* WORK REQUEST
The reply should hold only the lines below from the one with "this 1280×1707 image." to the end, each copied exactly.

[Phrase grounding data]
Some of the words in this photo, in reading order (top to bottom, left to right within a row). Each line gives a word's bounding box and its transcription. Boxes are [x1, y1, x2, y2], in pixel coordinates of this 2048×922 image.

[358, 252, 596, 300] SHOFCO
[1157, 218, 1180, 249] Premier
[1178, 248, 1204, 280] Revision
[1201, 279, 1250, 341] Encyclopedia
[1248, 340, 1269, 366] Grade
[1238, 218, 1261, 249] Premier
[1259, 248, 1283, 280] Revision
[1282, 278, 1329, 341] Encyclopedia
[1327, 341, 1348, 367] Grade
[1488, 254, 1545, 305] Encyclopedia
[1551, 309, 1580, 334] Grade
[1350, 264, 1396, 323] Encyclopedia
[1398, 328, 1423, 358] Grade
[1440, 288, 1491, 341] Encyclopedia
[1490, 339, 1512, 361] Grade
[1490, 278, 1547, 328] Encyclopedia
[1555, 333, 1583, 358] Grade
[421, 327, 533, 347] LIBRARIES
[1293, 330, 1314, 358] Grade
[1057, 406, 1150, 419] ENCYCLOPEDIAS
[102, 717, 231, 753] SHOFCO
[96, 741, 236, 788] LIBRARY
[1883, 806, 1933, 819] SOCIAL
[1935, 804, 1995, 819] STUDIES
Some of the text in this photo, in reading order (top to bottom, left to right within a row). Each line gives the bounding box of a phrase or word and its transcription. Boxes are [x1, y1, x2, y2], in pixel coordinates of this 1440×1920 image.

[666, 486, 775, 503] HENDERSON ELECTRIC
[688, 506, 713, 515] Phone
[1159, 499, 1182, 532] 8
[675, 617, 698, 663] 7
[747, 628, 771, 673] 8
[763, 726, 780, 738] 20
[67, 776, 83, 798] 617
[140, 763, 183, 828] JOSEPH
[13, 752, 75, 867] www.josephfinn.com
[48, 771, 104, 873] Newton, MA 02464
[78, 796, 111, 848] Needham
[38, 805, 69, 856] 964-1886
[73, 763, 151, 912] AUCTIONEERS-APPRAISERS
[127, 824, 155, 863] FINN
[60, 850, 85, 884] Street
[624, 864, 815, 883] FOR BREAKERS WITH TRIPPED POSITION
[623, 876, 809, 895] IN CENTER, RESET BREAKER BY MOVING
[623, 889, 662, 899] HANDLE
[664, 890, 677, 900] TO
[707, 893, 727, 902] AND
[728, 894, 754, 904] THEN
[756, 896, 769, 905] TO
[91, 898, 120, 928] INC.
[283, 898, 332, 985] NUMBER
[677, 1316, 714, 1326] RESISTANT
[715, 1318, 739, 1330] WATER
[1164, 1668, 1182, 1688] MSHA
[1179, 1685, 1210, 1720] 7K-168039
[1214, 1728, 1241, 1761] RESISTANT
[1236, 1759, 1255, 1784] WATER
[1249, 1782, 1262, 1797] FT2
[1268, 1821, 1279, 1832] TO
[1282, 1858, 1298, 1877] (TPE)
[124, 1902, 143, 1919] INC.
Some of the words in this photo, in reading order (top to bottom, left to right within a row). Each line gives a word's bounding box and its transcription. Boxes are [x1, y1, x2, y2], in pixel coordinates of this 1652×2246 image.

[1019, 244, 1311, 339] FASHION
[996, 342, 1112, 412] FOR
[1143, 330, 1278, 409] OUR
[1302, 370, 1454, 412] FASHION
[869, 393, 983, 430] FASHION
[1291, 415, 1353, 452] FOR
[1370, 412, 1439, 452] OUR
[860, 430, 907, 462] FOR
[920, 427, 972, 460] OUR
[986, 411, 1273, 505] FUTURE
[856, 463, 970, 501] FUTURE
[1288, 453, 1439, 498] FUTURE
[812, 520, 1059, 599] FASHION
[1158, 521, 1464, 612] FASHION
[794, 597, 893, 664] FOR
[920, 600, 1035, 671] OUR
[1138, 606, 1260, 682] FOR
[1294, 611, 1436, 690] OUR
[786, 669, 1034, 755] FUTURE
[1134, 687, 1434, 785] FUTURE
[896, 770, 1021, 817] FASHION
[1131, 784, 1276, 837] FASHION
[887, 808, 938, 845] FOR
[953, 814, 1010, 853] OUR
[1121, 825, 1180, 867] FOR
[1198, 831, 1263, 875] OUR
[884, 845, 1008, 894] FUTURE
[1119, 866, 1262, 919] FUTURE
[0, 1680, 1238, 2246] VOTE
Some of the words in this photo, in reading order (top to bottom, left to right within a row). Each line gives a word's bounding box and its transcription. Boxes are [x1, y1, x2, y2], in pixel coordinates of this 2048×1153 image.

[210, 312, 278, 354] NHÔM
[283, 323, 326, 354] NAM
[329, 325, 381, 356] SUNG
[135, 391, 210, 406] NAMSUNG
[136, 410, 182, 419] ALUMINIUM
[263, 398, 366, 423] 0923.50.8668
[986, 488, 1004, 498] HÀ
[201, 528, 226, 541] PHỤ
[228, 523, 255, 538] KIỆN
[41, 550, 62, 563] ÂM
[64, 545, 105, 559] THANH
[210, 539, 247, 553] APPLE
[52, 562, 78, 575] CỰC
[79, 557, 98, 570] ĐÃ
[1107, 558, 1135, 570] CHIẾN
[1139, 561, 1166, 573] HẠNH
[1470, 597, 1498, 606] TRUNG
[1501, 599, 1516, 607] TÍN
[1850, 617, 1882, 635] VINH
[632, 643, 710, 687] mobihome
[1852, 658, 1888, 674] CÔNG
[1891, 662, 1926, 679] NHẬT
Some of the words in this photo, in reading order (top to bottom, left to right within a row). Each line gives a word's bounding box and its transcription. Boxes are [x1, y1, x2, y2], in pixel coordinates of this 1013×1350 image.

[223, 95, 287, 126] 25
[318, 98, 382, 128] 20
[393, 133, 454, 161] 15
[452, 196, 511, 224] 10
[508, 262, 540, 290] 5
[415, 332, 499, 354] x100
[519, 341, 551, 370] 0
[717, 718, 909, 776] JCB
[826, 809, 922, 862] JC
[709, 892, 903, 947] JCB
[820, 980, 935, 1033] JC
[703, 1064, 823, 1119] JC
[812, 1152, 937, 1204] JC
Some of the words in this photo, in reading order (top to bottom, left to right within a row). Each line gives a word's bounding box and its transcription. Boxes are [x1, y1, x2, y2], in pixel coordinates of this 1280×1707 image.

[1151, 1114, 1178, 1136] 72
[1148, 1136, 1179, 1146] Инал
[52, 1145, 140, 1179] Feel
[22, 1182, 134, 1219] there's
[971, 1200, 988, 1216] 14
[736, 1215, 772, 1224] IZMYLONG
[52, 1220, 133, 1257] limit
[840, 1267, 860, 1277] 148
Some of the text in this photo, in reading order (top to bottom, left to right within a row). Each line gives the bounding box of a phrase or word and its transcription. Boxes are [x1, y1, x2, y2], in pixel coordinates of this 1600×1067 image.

* RESPONSE BOX
Some of the words in this photo, in reading order (top to bottom, left to right within a row). Each line gives a word's bounding box and its transcription. Boxes are [x1, y1, x2, y2], in pixel coordinates of this 1280×1707 image.

[1151, 1114, 1178, 1136] 72
[1148, 1136, 1179, 1146] Инал
[52, 1145, 140, 1179] Feel
[22, 1182, 134, 1219] there's
[971, 1200, 988, 1216] 14
[736, 1215, 772, 1224] IZMYLONG
[52, 1220, 133, 1257] limit
[840, 1267, 860, 1277] 148
Some of the text in this photo, in reading order (top to bottom, left to right within a row). Each line gives the bounding box of a phrase or word and its transcription. Boxes are [x1, y1, x2, y2], in pixel coordinates of this 1600×1067 image.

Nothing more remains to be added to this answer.